Acupuncture does not heal like biomedicine. It is not a magic bullet synthesized to kill the source of suffering. It’s more like how the sun coming out after a week of cold drizzle will elevate your mood in a way that no pharmaceutical could come close to matching.
Acupuncture calls on the resonance of moonlight, the tides, the way that tree branches are reflected in leaf structures and how those mimic the structure of your lungs. The way rivers match the winding course of your veins. The way that an unfettered emotion, like waves rolling onto the shore, bring their own resolution.
Acupuncture slips into the entangled, interconnected spaces, in the same way that roots of a forest intertwine and share nutrient. It nourishes like a cool veil of sunrise mist that rises out out of a meadow valley at the beginning of an early August day.
Acupuncture may or may not take away your pain, but it can help you live into a more friendly relationship with it.
When practiced well, acupuncture does not take the batteries out of your internal smoke alarm, but rather allows you more acute ears to the early warning signals that can help you to avoid the troubles that otherwise take you to a lifetime prescription for medication.

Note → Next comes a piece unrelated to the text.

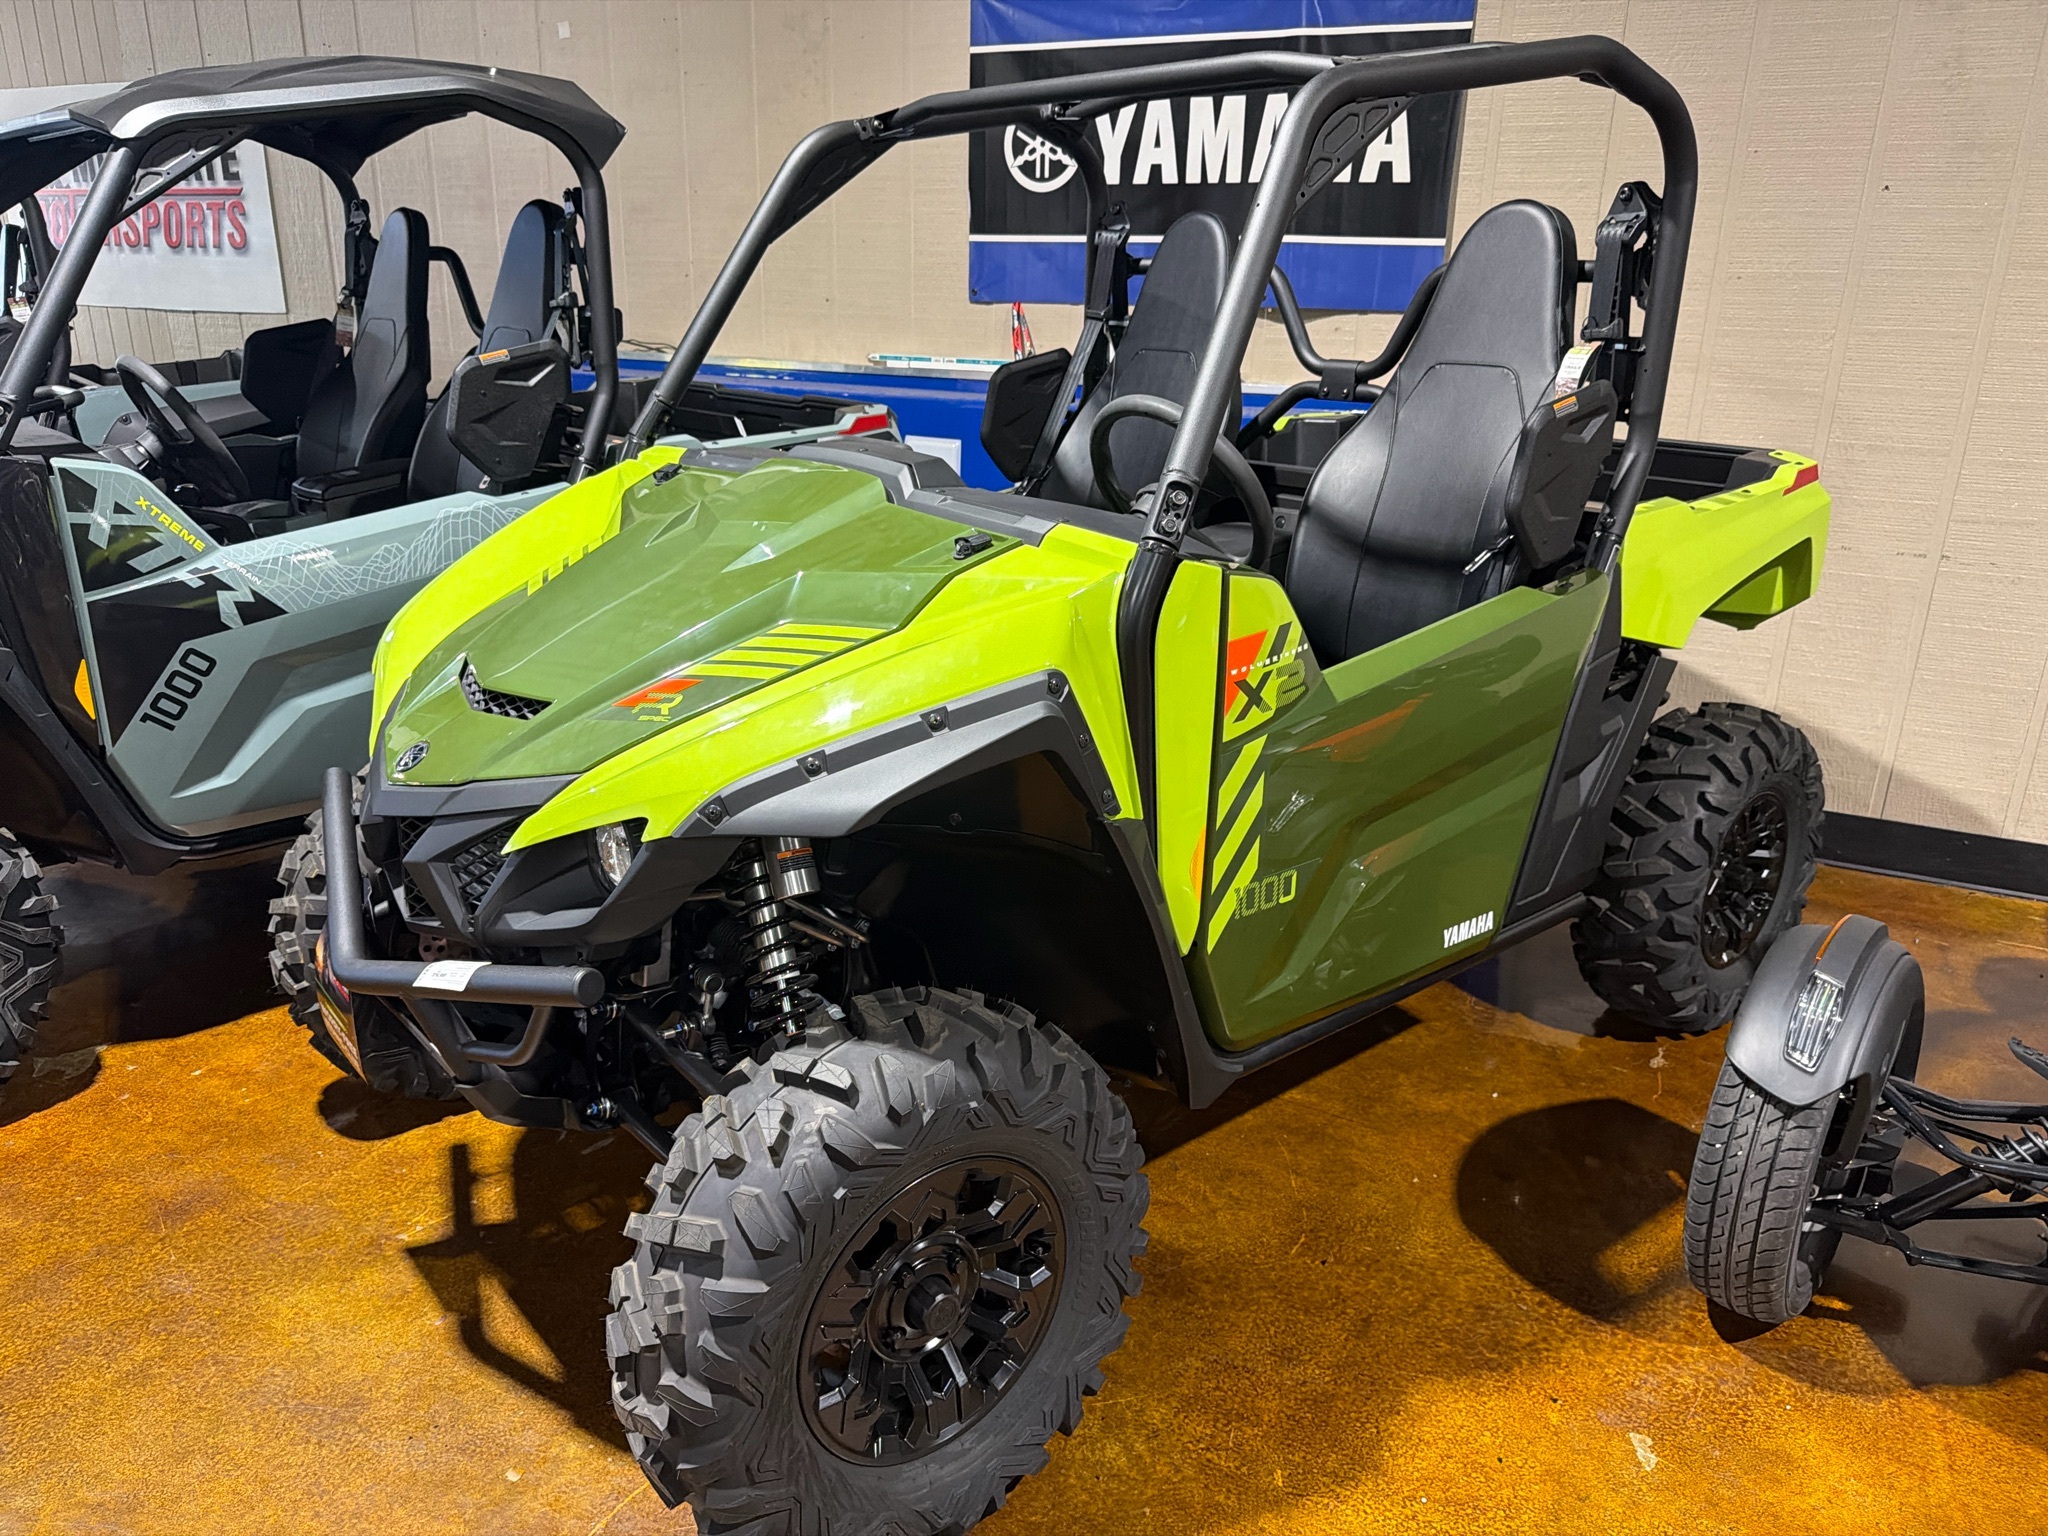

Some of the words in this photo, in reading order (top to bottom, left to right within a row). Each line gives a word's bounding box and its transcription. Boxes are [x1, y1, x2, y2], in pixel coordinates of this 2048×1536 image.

It does not put you to sleep, but rather eases the heart and mind so you can enter into your body’s natural rhythm of rest and rejuvenation. And helps you to find resources in places that you previously did not suspect, or thought were off-limits.
It can be confusing to have symptoms suddenly evaporate, or to get a lightning bolt insight into causes and conditions of your suffering. Sometimes our deepest healing has nothing to do with cure.